環菜から一発芸をしろと無茶振りをされた堅が、困り果てた上に滑り倒す。けしかけた環菜と見た梨崎、一葉、菜花が、その酷さに腹を抱えて笑い転げている。
茉莉に無理矢理あーんされた三葉が顔を真っ赤にしていて、それを見た蘭と双葉がからかって。反撃にやってみろと言われるも、2人は難なくこなして格の違いを見せつけて。

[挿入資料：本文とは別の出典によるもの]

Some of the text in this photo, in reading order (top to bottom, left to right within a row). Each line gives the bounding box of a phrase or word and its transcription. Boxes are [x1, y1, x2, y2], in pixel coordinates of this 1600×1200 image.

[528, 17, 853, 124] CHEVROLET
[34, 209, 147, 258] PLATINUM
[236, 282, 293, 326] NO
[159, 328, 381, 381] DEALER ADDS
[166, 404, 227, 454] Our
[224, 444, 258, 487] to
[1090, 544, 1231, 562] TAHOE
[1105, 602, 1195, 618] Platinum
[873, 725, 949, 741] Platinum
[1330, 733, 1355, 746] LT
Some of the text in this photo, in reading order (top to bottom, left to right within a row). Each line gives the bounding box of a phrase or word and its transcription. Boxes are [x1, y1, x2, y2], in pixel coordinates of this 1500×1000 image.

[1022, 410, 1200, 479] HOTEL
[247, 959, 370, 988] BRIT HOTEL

石蕗夫妻の娘を不器用ながらにあやしているのは、牡丹と四葉だ。どうやら彼らを気に入ったらしく、実の父親に呼ばれても2人から離れようとしない。そのことにショックを受けた石蕗の顔はもう、それはそれはこの世の終わりのような。
そしてそれらを眺めて、仁は笑ってお茶を飲んでいた。その笑みにまだ陰があるのはきっと、彼の半身と大切な人がいればと、想像しているからだろうか。
どんちゃん騒ぎ、とまではいかないものの、それなりに騒がしい。綺麗な桜と美味しいお弁当を肴に酒を飲み、親しい者とお喋りすれば、こうなるのも当然か。

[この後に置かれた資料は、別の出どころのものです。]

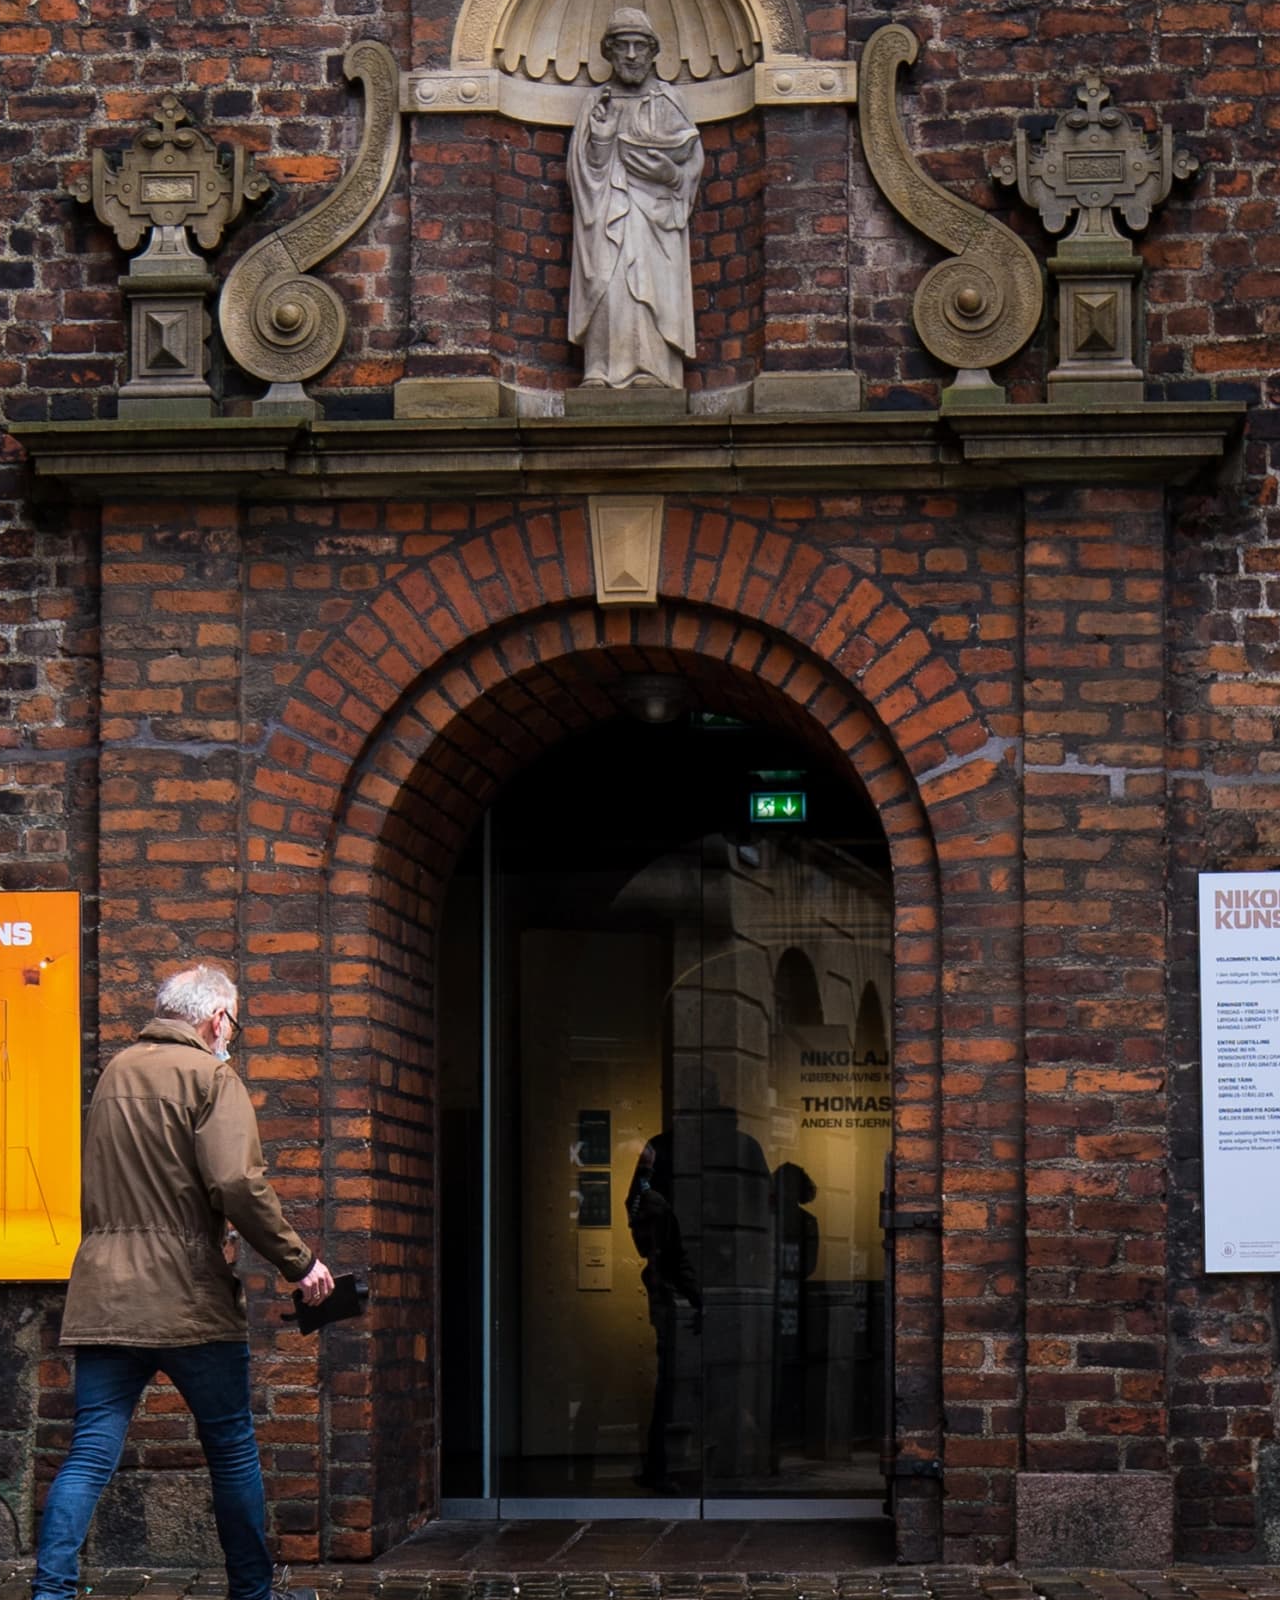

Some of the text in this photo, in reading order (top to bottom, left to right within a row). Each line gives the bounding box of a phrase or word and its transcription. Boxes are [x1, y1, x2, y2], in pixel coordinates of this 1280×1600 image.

[800, 1050, 889, 1066] NIKOLAJ
[800, 1072, 881, 1082] KØBENHAVNS
[801, 1096, 892, 1112] THOMAS
[801, 1118, 842, 1128] ANDEN

「教えた本人が来ないとはね。ま、予想はできてたけど」
だが、この場に桃田はいない。堅と環菜が来ると菜花に聞いた時から、薄々そんな予感はしていた。彼らの間にあった出来事を思えば、それは仕方のないことなのだ。
「綺麗なのに、もったいない」
とは言っても、いないのは桃田だけではなく。黒髪で傷だらけの少女も、綺麗な金髪の『勇者』も、白髪の『記録者』も。そして、がははと笑う熊も、堅と一緒にいじられるはずのいじられの貴公子も、優し過ぎた桃田の婚約者も、あの小さな木彫りの犬も、少年のもう一つの人格も、たまにしか笑わない紅の大切な人も、いないのだ。
「右奥の桜の木の陰を見てみろ。ちゃんといるぞ」
「あら。ほんとだ」
愚痴をこぼして日本酒をちびりと飲む紅の耳に、声がした。言われるがままにそちらを向けば、金髪の青年が見つかっちゃったと言わんばかりに、肩をすくめていた。
「なーんだ。来てるんじゃ……え?」
笑い返して、乾杯とばかりに杯を捧げて、また飲んで。そしてようやく、紅は聞こえた声を思い出した。正確には、誰の声であったかを。
「絶景だな」
慌てて振り返って、そこにあぐらをかき、酒を煽る男を見て、紅は声を失う。いるはずがない、人だったから。
「守った甲斐があった」
彼は満足そうに、桜と人を見て笑っていた。本当に、幸せそうに、目を細めて。
「うん。そうだね」
だから、紅も頷いた。彼が笑うなら、幸せだったなら、それでいいと。
風に吹かれ、桜の花びらが舞い上がる。瞬きをした紅の視界にもう、彼はいなかった。
ただ、桜の花が舞っていた。
例え今の数秒が幻だったしても、それでも紅は。